When the U.S. Supreme Court ruled in 2007 that longtime Goodyear Tire & Rubber Co. employee Lilly Ledbetter had filed her gender pay-discrimination claim too late for redress, the case became an instant rallying point for unions and civil rights advocates.
On Friday, the House passed legislation that would dramatically increase the window of time during which employees can file claims for pay disparities. In Ledbetter's case, the Supreme Court ruled that a worker must file claims of wage discrimination within 180 days after the disparity in pay began. The Lilly Ledbetter Act would start the clock from the time a worker learns of the disparity; in Ledbetter's case, that was decades after the disparity began.
Members also approved a second labor and employment bill, the Paycheck Fairness Act, which would allow workers claiming wage discrimination to seek punitive damages and make it easier to expand the pool of plaintiffs in class action cases.
California Democrat Rep. George Miller, chairman of the House Education and Labor Committee, hailed the vote as "a historic step forward in the fight for equal rights for women." House Speaker Nancy Pelosi characterized the measures as "serious civil rights legislation" and, during a Thursday conference call with reporters, hailed Ledbetter as "our heroine."
Ledbetter has become an outspoken advocate for broadening the statute of limitations in discrimination cases. She has been invited by President-elect Barack Obama to join him as he travels by train to his Jan. 20 inauguration.
But the bills, both previously passed by the House, face significant opposition in the business community. And they are expected to find a much rockier road to approval in the Senate — though Republicans say they see more room for compromise on the Ledbetter measure.
"We hope to get to Lilly Ledbetter in the next week or so," says Jim Manley, spokesman for Senate Majority Leader Harry Reid. "But, as always, it depends on how much cooperation we get from Republicans."
The U.S. Chamber of Commerce has launched an all-out offensive against the measures, saying they would be a boon to trial lawyers and undermine the rights of employers.
"The bottom line for the business community is that we entirely agree in creating fair play in the workplace," says chamber spokesman J.P. Fielder. "But we oppose opening up the process to litigation that will hurt small businesses."
A Galvanizing Pay Discrimination Case
Ledbetter began her career at a Goodyear plant in Alabama in 1979. After taking early retirement in 1998, she discovered that she had long been paid less than her male colleagues in similar salaried positions. Goodyear challenged Ledbetter's right to file a federal discrimination claim, asserting that she failed to file it — as required by law — within 180 days of the alleged discrimination.

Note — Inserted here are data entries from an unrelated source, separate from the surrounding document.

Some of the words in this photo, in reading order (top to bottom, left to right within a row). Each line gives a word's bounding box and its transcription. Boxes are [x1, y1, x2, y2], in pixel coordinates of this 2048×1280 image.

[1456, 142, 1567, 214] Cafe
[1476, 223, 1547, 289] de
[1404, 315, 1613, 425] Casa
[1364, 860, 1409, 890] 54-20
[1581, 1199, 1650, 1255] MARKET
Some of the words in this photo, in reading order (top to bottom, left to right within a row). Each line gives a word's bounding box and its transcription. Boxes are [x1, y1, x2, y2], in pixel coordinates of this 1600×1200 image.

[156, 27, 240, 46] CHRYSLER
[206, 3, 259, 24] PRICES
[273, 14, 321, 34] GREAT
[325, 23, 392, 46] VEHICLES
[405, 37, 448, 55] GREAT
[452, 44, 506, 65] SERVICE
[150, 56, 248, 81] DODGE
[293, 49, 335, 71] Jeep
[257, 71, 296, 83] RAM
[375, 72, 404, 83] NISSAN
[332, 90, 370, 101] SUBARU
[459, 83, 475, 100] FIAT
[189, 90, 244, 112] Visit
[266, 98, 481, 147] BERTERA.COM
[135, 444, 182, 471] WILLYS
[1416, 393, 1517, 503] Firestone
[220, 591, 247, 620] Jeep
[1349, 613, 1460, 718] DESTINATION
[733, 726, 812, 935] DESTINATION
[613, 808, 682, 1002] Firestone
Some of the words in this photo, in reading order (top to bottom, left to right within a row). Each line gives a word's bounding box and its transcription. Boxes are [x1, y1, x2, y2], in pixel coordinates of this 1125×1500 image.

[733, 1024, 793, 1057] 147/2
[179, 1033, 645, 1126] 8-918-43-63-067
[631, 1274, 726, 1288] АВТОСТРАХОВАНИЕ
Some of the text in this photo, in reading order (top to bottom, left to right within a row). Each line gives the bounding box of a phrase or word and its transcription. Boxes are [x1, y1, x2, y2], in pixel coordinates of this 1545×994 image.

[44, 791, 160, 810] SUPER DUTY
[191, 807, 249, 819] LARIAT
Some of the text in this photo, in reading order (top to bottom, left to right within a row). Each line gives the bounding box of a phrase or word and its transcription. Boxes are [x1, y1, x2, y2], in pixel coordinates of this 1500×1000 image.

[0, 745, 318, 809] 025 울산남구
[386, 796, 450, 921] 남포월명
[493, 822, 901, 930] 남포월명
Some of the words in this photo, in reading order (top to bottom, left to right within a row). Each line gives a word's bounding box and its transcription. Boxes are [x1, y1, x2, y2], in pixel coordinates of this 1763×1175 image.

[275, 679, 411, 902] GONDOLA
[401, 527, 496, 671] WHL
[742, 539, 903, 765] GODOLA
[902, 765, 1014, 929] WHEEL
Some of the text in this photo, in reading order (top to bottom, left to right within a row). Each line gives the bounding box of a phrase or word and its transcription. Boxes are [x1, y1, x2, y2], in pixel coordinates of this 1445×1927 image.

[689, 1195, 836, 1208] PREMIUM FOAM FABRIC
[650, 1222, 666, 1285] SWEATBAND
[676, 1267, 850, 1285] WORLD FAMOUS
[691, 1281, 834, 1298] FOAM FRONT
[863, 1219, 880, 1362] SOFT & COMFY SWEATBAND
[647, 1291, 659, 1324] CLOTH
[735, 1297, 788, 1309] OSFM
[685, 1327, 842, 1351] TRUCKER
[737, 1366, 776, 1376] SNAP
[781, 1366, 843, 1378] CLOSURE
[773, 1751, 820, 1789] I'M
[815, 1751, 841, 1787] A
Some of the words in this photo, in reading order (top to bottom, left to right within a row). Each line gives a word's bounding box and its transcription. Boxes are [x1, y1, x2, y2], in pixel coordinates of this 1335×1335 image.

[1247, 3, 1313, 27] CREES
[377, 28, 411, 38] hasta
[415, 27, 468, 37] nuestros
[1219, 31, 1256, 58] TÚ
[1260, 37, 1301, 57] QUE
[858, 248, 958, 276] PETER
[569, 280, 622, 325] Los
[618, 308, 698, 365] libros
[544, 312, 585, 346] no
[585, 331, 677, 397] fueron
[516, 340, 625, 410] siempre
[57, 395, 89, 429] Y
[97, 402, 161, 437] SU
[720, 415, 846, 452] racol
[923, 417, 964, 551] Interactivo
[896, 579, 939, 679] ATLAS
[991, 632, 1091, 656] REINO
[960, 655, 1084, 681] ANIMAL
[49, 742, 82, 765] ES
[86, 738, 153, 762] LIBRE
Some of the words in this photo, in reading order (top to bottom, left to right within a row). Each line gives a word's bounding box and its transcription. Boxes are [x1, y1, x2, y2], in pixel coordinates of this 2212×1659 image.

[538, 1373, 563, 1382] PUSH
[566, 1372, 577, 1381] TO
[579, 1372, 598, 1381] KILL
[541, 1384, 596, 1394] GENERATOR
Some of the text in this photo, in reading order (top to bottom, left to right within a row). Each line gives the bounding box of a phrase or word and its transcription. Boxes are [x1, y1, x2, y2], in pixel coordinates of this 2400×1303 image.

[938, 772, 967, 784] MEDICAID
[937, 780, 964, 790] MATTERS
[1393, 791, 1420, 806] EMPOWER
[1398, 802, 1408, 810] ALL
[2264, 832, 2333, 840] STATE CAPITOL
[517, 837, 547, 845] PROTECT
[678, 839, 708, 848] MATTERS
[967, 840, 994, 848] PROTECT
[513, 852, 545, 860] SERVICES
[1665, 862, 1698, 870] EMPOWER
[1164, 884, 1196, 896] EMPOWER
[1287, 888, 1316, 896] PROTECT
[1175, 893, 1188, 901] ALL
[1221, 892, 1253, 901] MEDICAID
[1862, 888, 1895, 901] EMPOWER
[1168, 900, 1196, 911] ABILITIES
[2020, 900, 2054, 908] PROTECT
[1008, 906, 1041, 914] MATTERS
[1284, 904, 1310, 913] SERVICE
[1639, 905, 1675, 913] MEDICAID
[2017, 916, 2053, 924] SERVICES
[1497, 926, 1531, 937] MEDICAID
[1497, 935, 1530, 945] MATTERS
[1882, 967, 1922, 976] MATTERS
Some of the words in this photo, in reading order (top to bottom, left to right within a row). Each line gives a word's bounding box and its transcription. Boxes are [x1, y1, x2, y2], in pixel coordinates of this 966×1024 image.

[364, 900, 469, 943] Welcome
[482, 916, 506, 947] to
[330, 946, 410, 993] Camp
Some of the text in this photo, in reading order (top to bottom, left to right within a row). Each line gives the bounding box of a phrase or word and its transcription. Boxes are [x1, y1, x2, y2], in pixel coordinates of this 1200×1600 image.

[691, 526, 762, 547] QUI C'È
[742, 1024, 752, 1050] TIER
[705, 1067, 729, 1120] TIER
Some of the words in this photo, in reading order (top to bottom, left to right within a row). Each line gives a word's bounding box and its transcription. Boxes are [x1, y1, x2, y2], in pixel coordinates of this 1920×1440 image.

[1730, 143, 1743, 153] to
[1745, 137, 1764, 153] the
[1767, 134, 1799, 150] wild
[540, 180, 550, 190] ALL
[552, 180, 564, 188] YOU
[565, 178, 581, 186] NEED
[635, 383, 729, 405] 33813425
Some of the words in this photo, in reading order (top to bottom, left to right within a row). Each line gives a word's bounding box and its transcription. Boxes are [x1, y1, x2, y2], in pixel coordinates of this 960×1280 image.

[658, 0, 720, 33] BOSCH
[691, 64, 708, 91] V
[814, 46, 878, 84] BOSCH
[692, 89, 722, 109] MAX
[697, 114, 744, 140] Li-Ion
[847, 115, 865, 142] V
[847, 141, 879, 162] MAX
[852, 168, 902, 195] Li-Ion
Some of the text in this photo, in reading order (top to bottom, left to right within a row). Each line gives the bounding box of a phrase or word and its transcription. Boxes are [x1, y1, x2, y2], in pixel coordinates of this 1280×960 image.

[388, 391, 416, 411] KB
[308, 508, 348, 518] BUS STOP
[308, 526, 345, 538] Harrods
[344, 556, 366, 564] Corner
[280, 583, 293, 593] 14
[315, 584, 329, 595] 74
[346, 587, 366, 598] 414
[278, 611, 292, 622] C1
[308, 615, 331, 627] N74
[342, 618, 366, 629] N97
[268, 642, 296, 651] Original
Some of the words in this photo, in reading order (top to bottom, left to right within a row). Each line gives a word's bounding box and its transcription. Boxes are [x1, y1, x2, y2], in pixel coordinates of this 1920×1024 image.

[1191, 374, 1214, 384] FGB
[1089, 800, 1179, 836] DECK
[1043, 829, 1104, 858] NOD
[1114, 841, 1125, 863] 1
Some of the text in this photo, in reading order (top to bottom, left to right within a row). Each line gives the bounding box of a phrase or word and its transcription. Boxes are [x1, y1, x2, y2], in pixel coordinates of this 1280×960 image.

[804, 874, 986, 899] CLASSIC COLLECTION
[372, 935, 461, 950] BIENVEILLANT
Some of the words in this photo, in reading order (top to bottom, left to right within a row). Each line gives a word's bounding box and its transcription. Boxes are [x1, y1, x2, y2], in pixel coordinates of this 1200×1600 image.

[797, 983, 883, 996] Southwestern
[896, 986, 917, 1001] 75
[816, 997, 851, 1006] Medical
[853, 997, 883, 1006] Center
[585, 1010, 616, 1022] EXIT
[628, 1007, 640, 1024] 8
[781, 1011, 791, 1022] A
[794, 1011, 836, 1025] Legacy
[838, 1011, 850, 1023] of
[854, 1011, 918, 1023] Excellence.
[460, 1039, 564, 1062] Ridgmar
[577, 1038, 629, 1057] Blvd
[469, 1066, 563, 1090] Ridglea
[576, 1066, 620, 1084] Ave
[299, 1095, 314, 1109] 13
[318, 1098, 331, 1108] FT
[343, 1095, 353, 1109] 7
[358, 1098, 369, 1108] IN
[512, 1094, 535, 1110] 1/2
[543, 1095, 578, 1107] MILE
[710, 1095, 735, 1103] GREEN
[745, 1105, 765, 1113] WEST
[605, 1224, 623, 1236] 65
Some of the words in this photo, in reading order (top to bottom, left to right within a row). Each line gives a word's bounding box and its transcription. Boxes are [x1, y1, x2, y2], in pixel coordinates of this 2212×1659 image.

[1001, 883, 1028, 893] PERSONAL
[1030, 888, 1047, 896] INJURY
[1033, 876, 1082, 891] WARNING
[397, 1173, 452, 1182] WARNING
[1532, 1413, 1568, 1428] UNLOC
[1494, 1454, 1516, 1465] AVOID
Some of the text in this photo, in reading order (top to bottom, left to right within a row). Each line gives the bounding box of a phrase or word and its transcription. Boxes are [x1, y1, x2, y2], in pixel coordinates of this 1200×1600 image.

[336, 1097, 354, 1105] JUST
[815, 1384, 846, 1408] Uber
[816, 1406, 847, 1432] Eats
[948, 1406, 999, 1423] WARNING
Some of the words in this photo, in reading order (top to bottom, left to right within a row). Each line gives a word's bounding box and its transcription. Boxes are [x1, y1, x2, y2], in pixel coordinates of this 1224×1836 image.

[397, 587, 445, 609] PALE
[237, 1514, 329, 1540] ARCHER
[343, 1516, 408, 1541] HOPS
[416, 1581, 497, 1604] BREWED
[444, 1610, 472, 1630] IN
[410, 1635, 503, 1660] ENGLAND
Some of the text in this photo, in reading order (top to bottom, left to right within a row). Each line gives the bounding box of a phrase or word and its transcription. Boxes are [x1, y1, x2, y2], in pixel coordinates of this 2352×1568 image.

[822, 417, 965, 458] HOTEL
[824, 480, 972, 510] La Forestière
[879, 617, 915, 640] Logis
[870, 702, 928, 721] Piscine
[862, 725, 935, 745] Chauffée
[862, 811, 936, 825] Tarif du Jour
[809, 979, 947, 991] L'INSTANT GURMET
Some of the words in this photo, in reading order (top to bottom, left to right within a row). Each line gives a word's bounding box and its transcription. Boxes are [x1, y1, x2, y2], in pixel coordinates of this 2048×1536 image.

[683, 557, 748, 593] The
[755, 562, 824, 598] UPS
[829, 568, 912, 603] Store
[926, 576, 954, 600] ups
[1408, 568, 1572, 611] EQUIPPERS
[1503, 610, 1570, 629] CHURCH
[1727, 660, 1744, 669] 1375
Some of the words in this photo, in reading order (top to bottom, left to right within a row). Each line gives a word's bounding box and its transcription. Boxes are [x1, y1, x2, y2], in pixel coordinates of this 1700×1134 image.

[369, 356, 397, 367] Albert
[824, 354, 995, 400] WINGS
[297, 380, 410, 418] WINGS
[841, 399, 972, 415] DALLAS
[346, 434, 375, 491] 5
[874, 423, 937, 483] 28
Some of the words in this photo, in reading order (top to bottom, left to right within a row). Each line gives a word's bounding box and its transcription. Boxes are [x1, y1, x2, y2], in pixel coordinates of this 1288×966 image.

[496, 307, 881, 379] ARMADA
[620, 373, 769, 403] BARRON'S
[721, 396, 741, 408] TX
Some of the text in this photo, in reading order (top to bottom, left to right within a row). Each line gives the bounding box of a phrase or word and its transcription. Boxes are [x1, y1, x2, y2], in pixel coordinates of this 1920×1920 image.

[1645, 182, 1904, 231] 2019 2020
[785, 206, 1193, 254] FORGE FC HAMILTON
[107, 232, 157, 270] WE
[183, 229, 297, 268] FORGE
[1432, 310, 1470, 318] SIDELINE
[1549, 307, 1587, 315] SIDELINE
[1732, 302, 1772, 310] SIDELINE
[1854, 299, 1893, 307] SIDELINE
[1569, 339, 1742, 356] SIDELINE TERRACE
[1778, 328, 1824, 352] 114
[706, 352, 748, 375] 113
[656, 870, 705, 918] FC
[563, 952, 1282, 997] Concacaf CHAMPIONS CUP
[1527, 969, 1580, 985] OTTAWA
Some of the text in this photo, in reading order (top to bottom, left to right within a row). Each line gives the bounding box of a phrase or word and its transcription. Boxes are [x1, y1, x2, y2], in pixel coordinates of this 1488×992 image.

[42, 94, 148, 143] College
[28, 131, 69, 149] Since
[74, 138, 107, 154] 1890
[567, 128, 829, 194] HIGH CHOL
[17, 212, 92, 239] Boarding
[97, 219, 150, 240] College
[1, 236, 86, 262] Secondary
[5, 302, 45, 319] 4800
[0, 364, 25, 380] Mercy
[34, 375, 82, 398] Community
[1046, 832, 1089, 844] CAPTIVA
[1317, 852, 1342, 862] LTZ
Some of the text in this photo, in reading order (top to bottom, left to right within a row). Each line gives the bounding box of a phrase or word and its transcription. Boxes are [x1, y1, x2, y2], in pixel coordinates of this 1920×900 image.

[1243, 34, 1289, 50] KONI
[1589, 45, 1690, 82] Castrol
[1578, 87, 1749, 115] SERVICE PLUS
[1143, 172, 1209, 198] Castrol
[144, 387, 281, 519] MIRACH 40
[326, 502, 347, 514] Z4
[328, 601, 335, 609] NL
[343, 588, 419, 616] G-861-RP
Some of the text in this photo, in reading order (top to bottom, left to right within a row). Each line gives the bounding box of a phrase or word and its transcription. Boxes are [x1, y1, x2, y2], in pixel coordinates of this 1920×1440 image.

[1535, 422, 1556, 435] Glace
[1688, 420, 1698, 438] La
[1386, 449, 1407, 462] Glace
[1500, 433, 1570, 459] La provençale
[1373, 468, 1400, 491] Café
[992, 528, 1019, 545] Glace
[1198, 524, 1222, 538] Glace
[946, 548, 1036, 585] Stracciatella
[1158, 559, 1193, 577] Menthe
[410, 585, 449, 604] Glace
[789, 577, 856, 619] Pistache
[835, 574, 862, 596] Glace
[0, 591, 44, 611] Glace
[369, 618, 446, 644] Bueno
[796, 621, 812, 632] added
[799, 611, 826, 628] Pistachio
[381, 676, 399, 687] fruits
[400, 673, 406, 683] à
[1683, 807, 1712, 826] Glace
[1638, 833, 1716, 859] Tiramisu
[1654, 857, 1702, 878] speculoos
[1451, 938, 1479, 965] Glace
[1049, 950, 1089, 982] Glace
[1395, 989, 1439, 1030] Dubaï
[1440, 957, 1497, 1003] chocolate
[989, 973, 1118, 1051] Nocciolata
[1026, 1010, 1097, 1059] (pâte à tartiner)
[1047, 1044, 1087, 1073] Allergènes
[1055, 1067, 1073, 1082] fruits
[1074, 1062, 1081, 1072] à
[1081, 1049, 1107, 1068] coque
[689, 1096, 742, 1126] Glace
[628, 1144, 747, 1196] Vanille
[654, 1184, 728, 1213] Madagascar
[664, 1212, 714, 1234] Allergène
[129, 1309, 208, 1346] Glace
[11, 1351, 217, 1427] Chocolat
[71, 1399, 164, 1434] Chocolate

Though Ledbetter argued that she only discovered the pay discrepancy after the fact, the Supreme Court agreed with Goodyear. The Lilly Ledbetter Act would expand the statute of limitations to allow claims to be filed within 180 days of discovery of potential wage discrimination.
Supporters of the Ledbetter Act say the court's action has had a ripple effect on discrimination cases across the country. Judges are taking the Ledbetter decision to "absurd lengths," says Marcia Greenberger of the National Women's Law Center, and it has had repercussions for cases ranging from housing discrimination to gender bias in schools.
Greenberger cited a recent New York Times story that found that over the past 19 months, federal judges have cited the Ledbetter decision in more than 300 cases involving a range of alleged discriminatory practices. Greenberger said, for example, that judges relied on the Ledbetter ruling to reject claims by female wrestlers at a California university that they had been denied athletic opportunities, and to deny a wheelchair-bound man's claim that his apartment in Idaho did not meet federal accessibility requirements.
Though many in the business community oppose the Ledbetter measure as written, there has been discussion with Senate leaders about areas of compromise that would allow the bill to pass — from adjusting the window of time allowed for filing claims to working on the definition of a discriminatory act.
Punitive Damages A Tougher Sell
Business leaders and Republican senators, however, are less likely to come around on the Paycheck Fairness Act. Particularly distasteful to them: the bill's elimination of caps on punitive and compensatory damages, Fielder says.
"It's a giveaway to trial lawyers," he said. "It would erode an employer's defense for legitimate pay disparities."
New York Sen. Hillary Clinton, the bill's Senate sponsor, has argued that the tougher penalties are needed to prevent pay discrimination. The bill would also bar employers from punishing employees who share salary information with each other.
Supporters of the Ledbetter measure had hoped to see it on Obama's desk the day he takes office. That is looking to be difficult, given the current Senate schedule and the fact that the Democrats may not have enough members around for a vote. Sen. Joe Biden is expected to be traveling in the Mideast next week, and the status of senators-in-waiting Roland Burris and Al Franken remains, for now, in limbo.
As for Ledbetter, she says her case is over. "I will never receive any pay I deserve from Goodyear," she said Thursday. "But Congress can make sure it doesn't happen again."